Their common misfortune and suffering developed among the Spanish Jews in those last days before their exile deep brotherly affection and exalted sentiments, which, could they have lasted, would surely have borne good fruit. The rich, although their wealth had dwindled, divided it fraternally with the poor, allowing them to want for nothing, so that they should not fall into the hands of the church, and also paid the charges of their exodus. The aged rabbi, Isaac Aboab, the friend of Abrabanel, went with thirty Jews of rank to Portugal, to negotiate with King João II, for the settlement of the Jews in that country, or for their safe passage through it. They succeeded in making tolerably favorable conditions. The pain of leaving their passionately loved country could not be overcome.

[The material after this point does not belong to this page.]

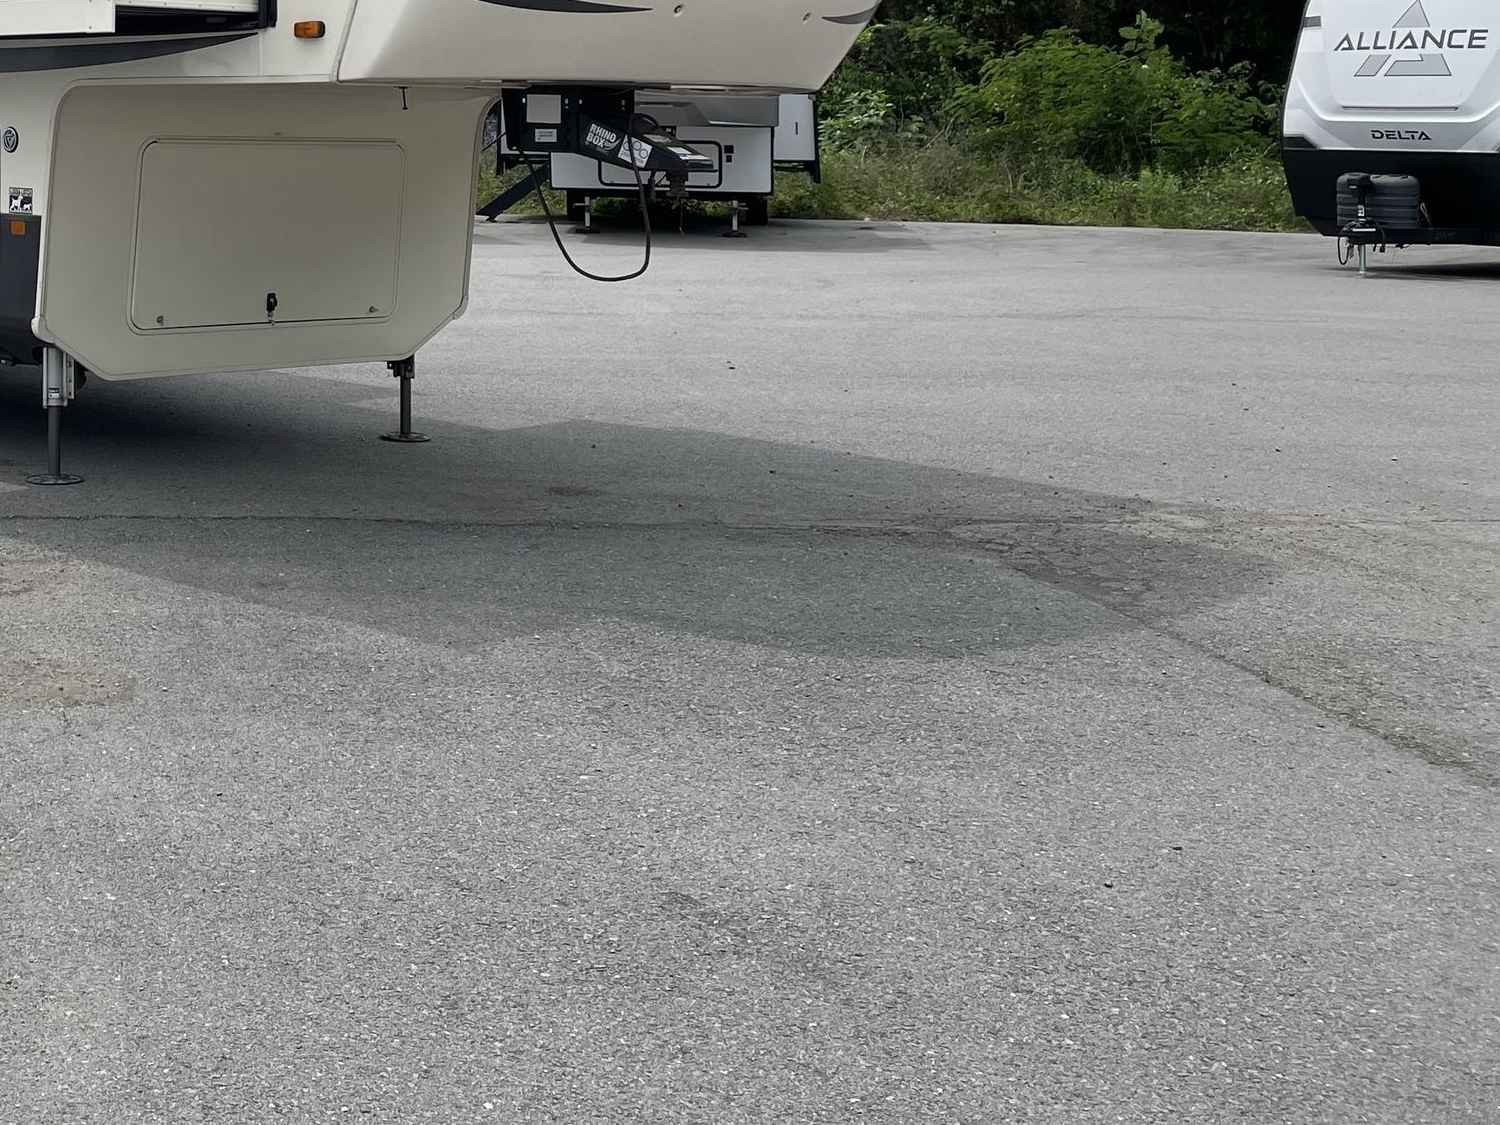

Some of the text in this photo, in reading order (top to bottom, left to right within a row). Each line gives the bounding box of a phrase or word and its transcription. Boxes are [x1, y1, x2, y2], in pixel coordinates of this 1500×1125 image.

The nearer the day of departure came, the more were the hearts of the unhappy people wrung. The graves of their forefathers were dearer to them than all besides, and from these they found parting hardest. The Jews of the town of Vitoria gave to the community the Jewish cemetery and its appertaining grounds in perpetuity, on condition that it should never be encroached upon, nor planted over, and a deed to this effect was drawn up. The Jews of Segovia assembled three days before their exodus around the graves of their forefathers, mingling their tears with the dust, and melting the hearts of the Catholics with their grief. They tore up many of the tombstones to bear them away as memorial relics, or gave them to the Moors.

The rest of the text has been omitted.